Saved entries

• • •

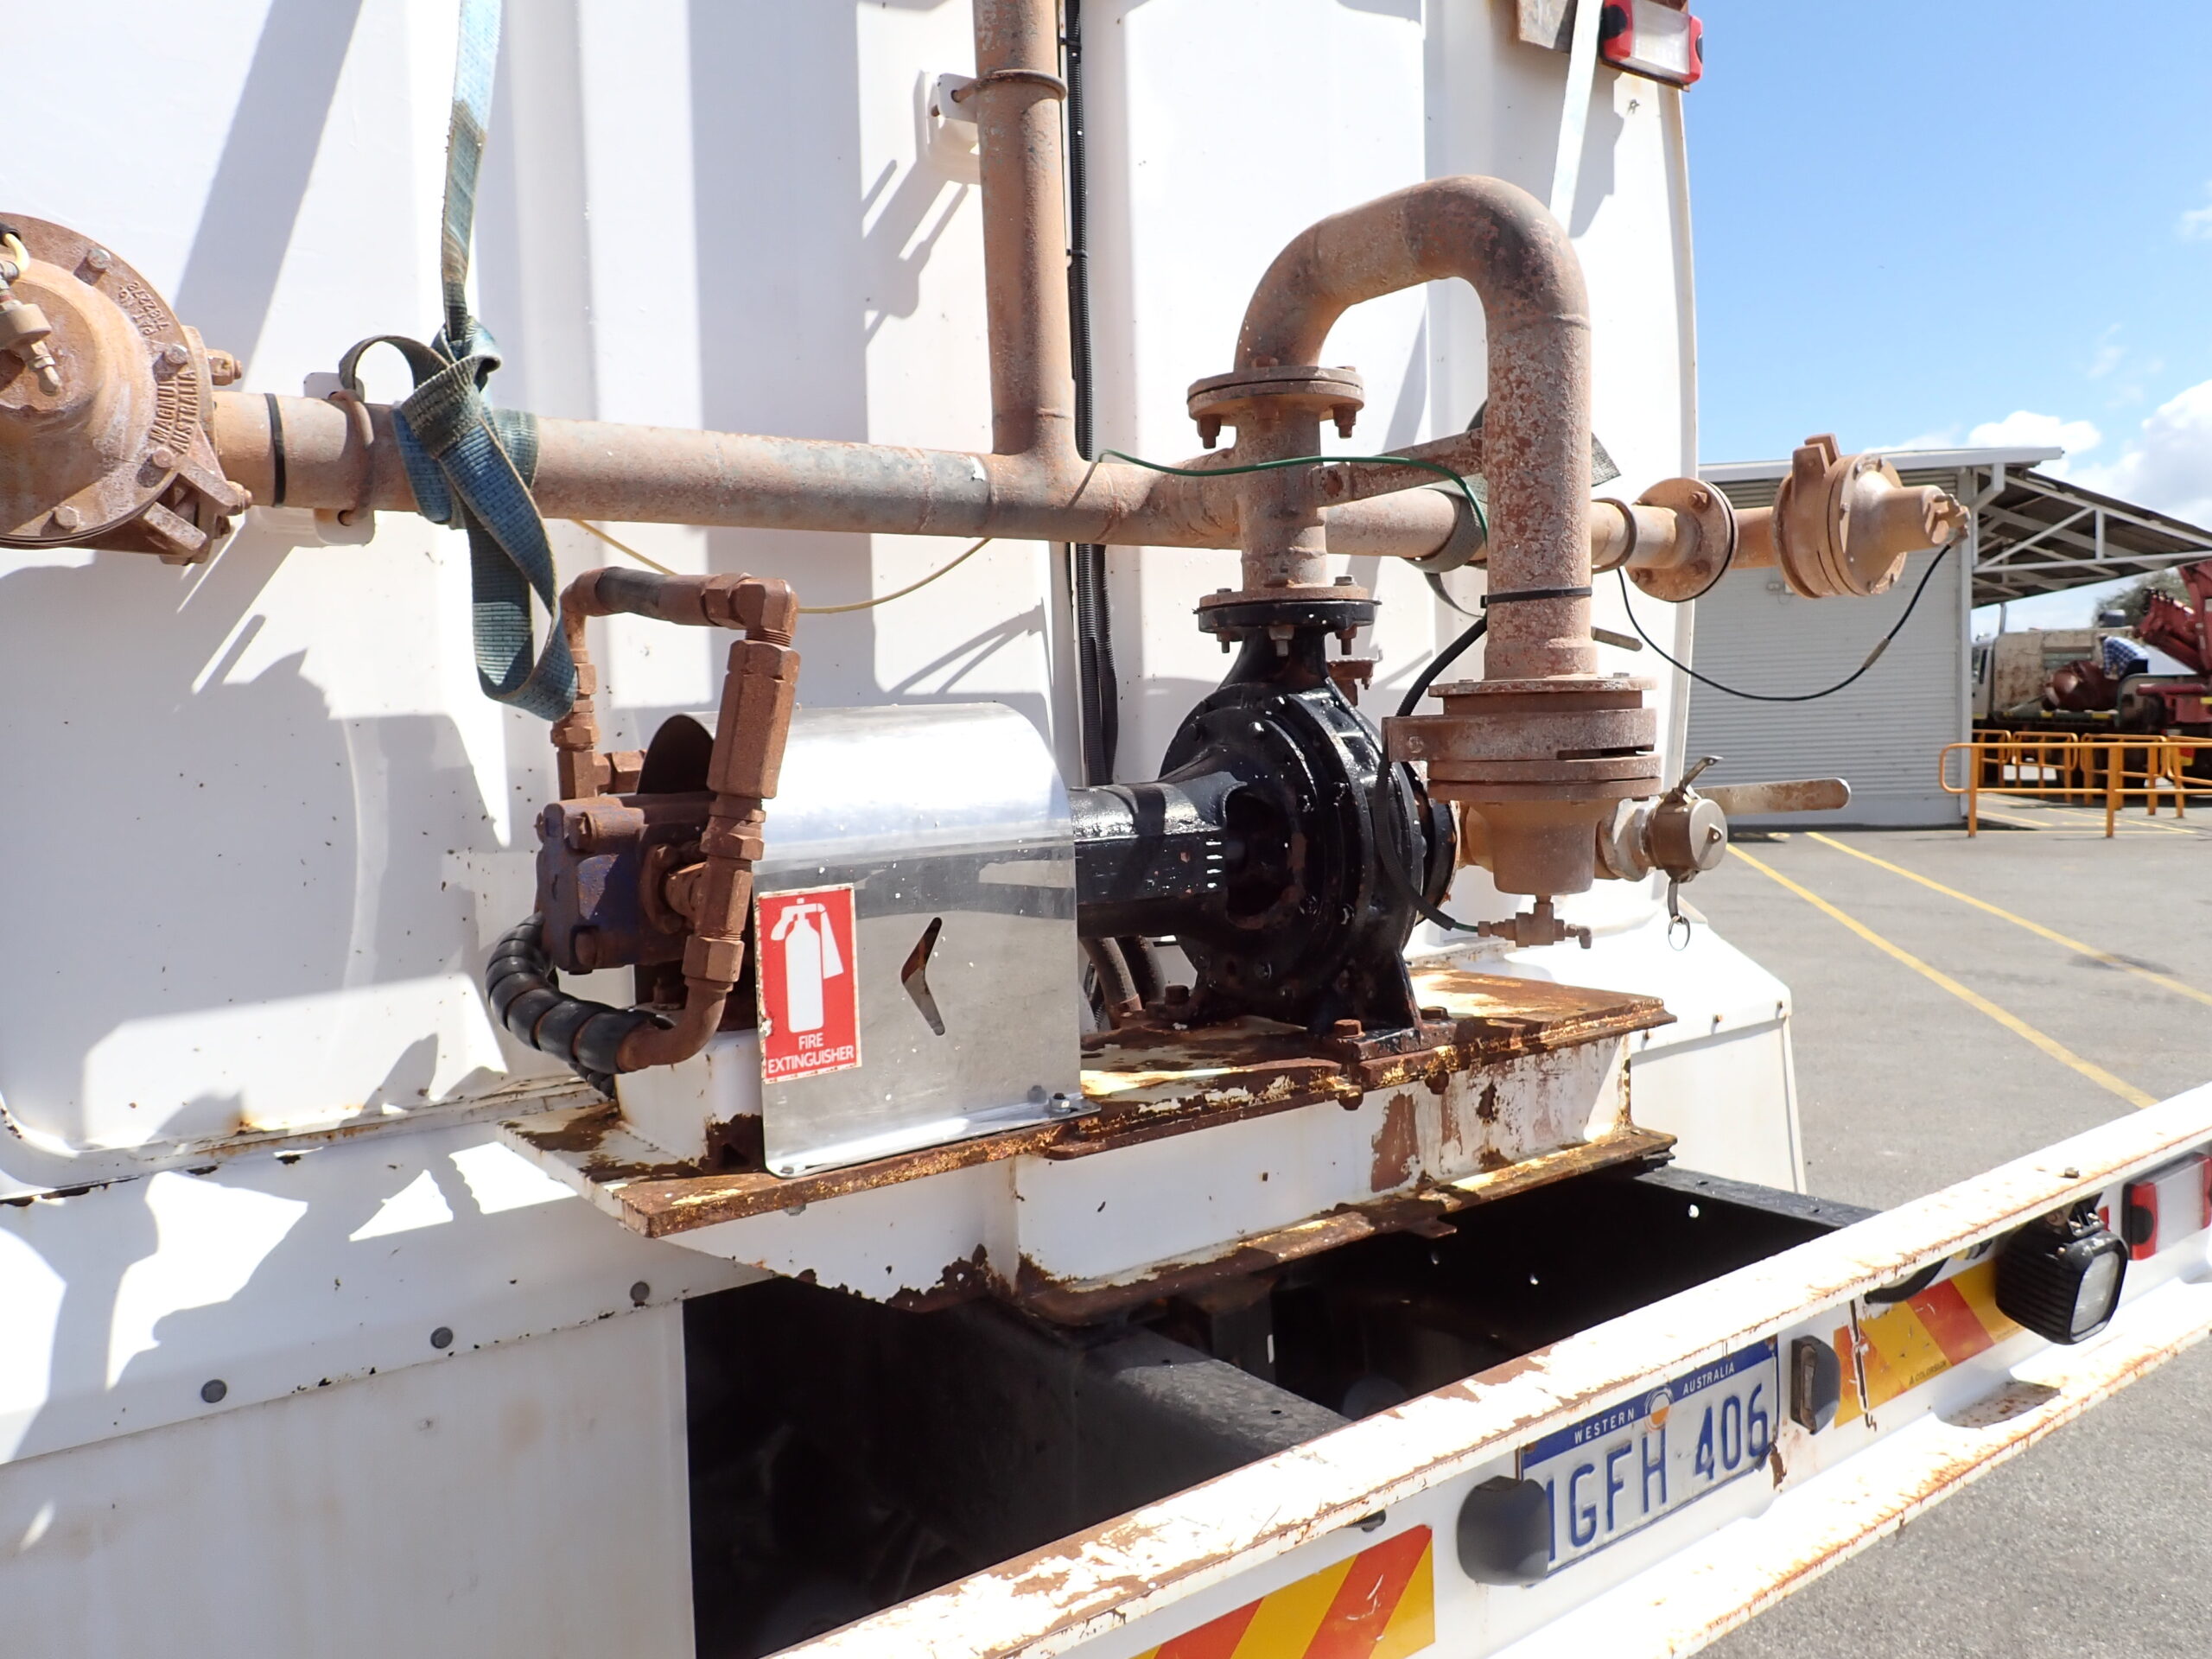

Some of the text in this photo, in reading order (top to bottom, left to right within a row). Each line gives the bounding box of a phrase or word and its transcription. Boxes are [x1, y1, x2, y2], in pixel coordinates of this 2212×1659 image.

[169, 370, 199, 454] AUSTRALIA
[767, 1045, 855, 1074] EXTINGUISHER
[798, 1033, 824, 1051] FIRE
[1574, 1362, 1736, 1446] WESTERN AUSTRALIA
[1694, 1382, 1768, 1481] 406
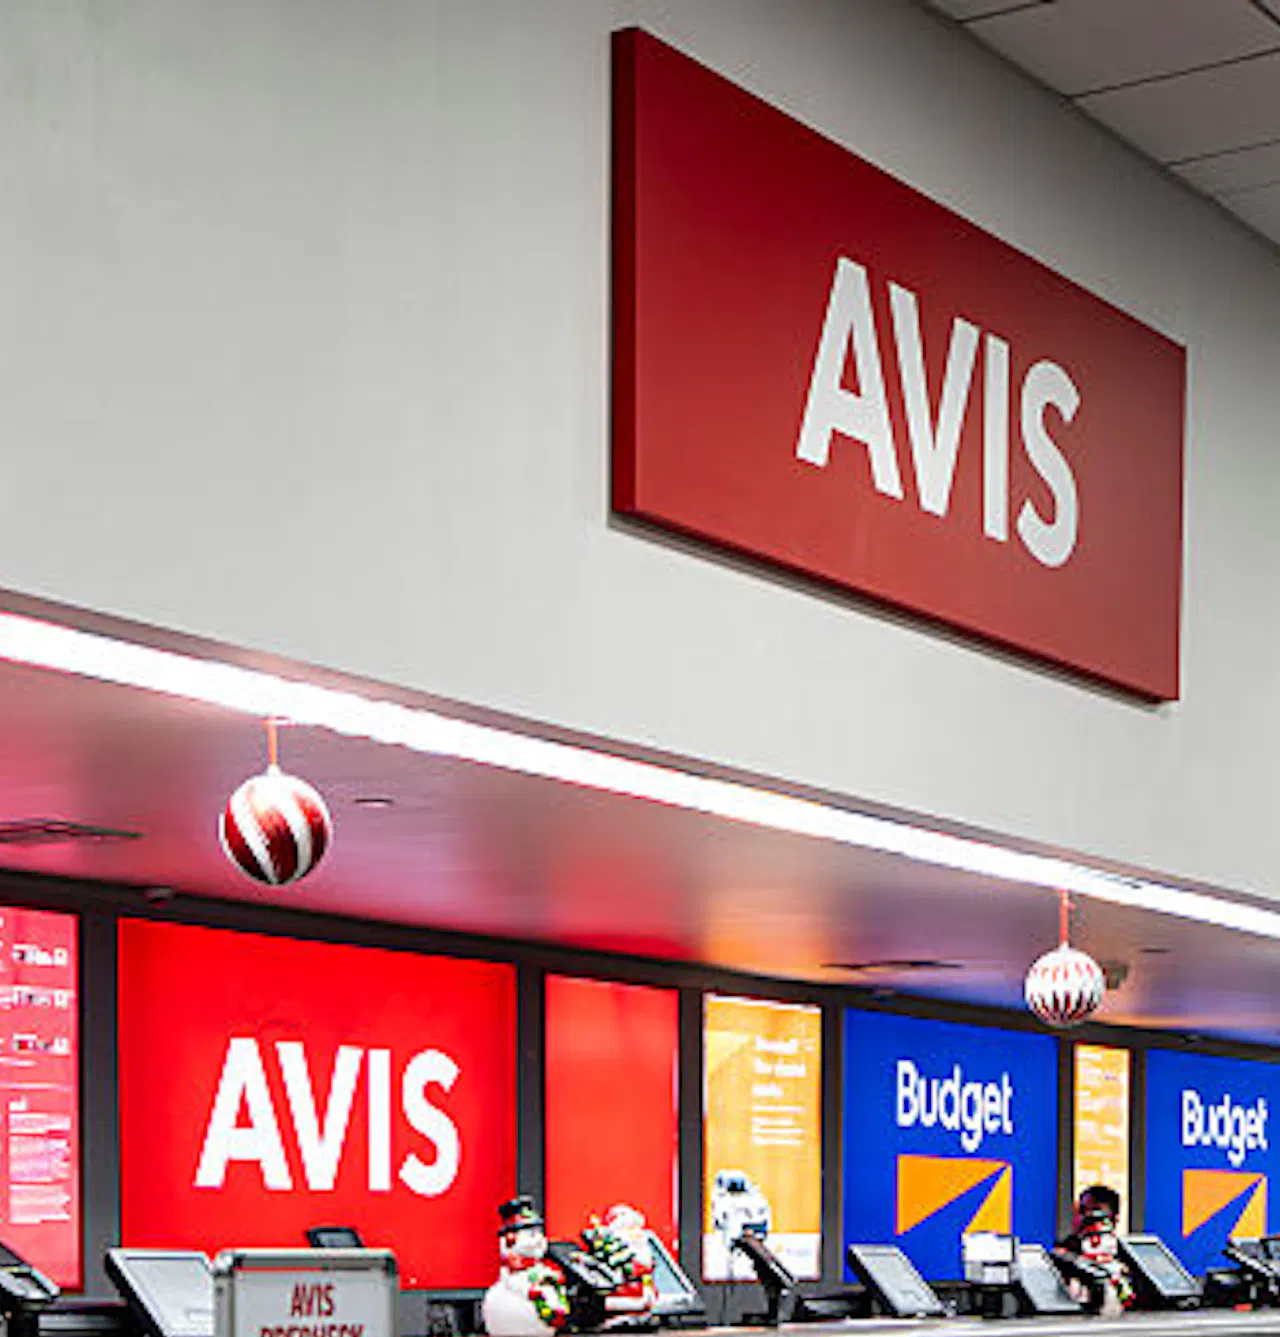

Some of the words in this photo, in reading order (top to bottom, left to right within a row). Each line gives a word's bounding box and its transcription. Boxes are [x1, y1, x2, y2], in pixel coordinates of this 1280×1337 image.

• • •

_How to complete this task_
Leaving all pictures aside, quote each record exactly.

_Solution for this task_
Some of the text in this photo, in reading order (top to bottom, left to right within a row). Each line gives the bounding box of a phrase or word and its transcription. Boxes are [x1, y1, x2, y2], in pixel coordinates of this 2212×1659 image.

[169, 370, 199, 454] AUSTRALIA
[767, 1045, 855, 1074] EXTINGUISHER
[798, 1033, 824, 1051] FIRE
[1574, 1362, 1736, 1446] WESTERN AUSTRALIA
[1694, 1382, 1768, 1481] 406

Some of the words in this photo, in reading order (top to bottom, left to right within a row). Each line gives a word's bounding box and its transcription. Boxes are [x1, y1, x2, y2], in pixel coordinates of this 1280×1337 image.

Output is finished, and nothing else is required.